Busy weekend ahead and after weeks of training I was ready to get out there and crush those runs.

And then I went back downstairs.

It's really the dumbest things, isn't it? In my case, tripping down the bottom two steps on our staircase and landing at an awkward angle. It's not even like I had a running injury but I was still decommissioned for about six months. At first I thought it was sprained and spent a week walking on it only to later learn that, no, I'd broken a bone.


LET'S RECAP!

May 10, 2016: Trip down the stairs.
May 16, 2016: Go ER for x-rays, find out it's broken.
May 17, 2016: Go to ortho, who puts me in a full plaster cast.
May 18 - June 22, 2016: Literally wheel around my office on a knee scooter. At the house, crawl up and down the stairs and/or wheel around in an office chair.
June 23, 2016: Get a walking cast.
July 11, 2016: Doc gives me a boot.

Here is where things get interesting. FitBloggin '16 was held in Indianapolis, a mere 5 hours away from Cleveland. That means I can drive there!

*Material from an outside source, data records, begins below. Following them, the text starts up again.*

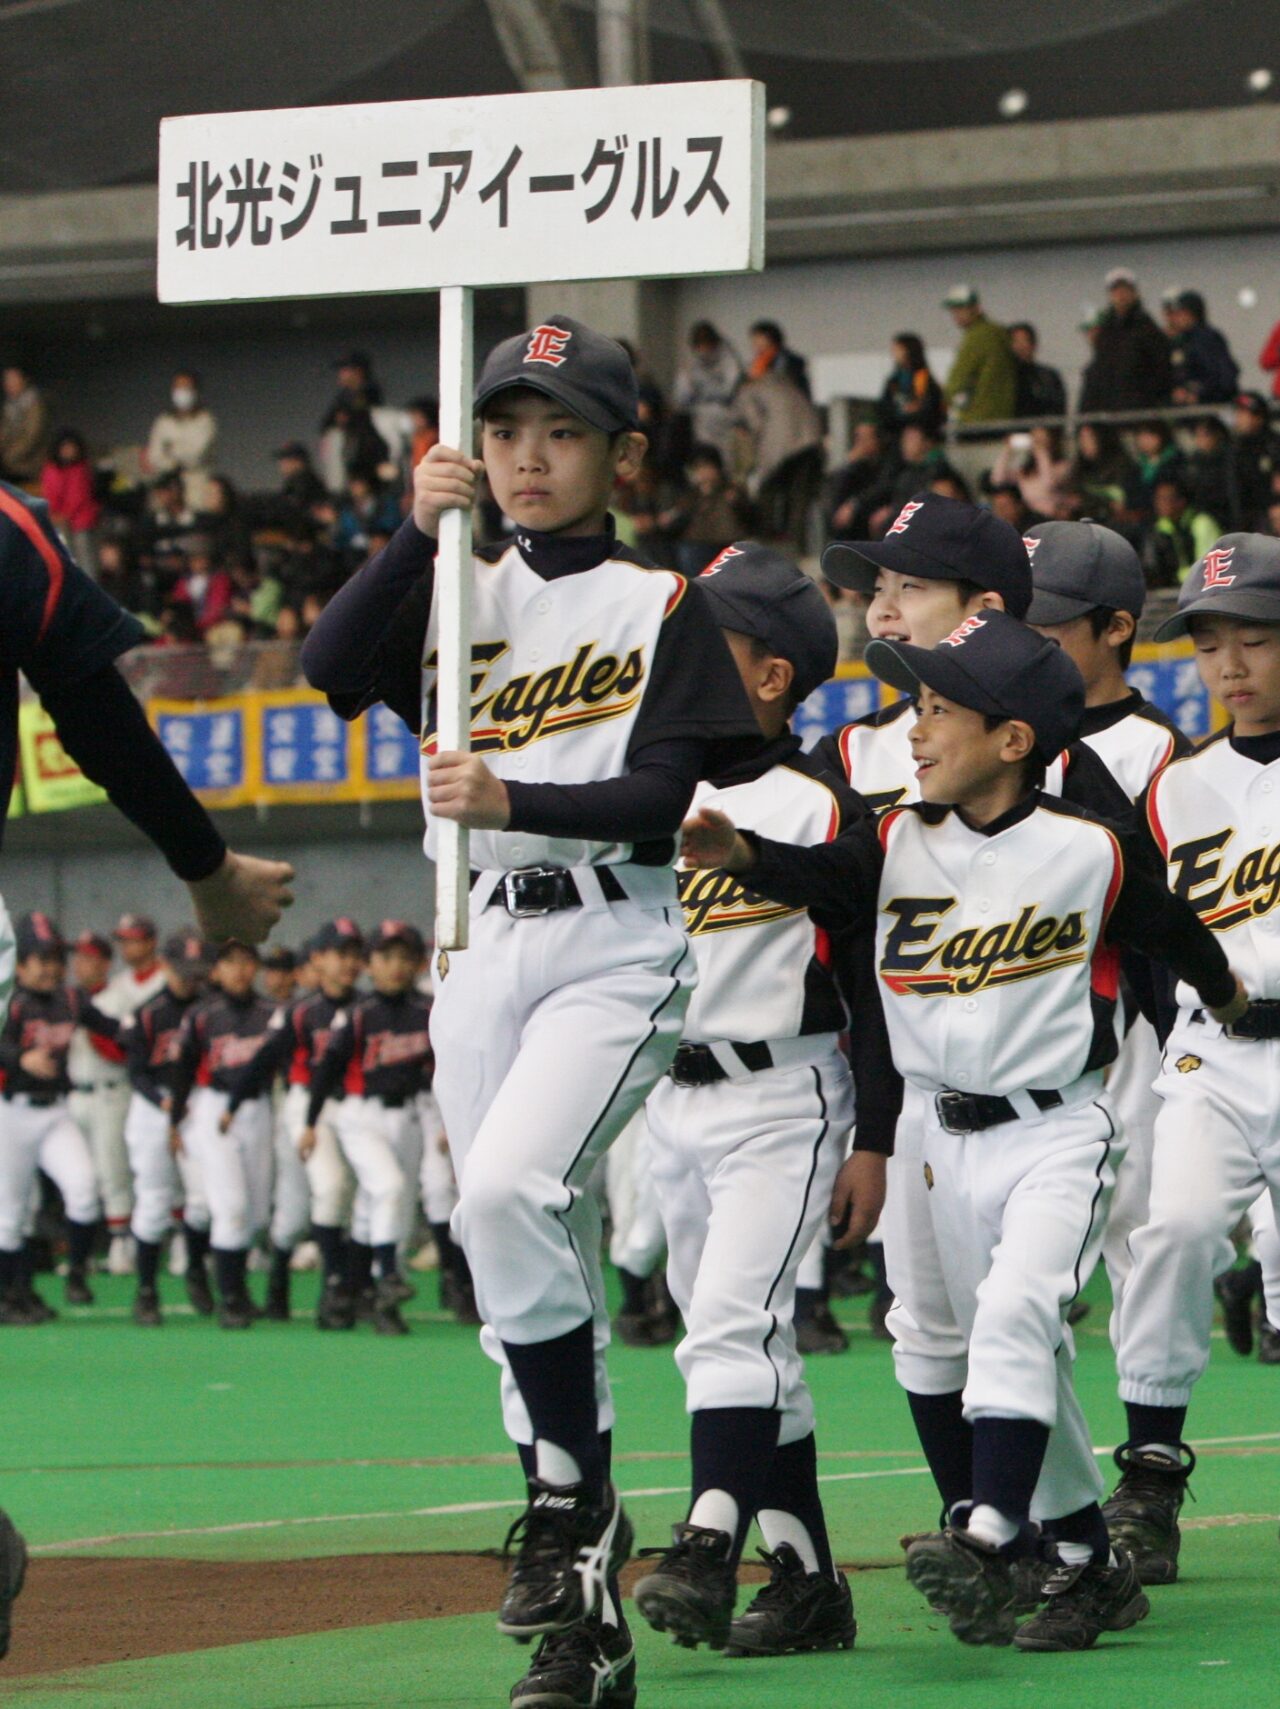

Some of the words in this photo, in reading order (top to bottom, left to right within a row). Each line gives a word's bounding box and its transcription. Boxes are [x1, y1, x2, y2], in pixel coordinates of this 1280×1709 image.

[175, 134, 730, 251] 北光ジュニアイーグルス
[523, 325, 571, 367] E
[1201, 547, 1236, 592] E
[421, 639, 646, 751] Eagles
[879, 897, 1088, 996] Eagles

So, fun fact. Sitting in a car in the same position for five hours with your leg immobilized shortly after an injury? Not a smart thing to do. In fact, I'd classify it as MY WORST IDEA EVER.

Also not a smart thing to do? Go on a green smoothie kick in the weeks leading up to said road trip and consume a ridiculous amount of spinach. Vitamin K, you see, is a natural coagulant. That is, it magically helps your blood clot which is not good if you possibly already have a blood clot brewing.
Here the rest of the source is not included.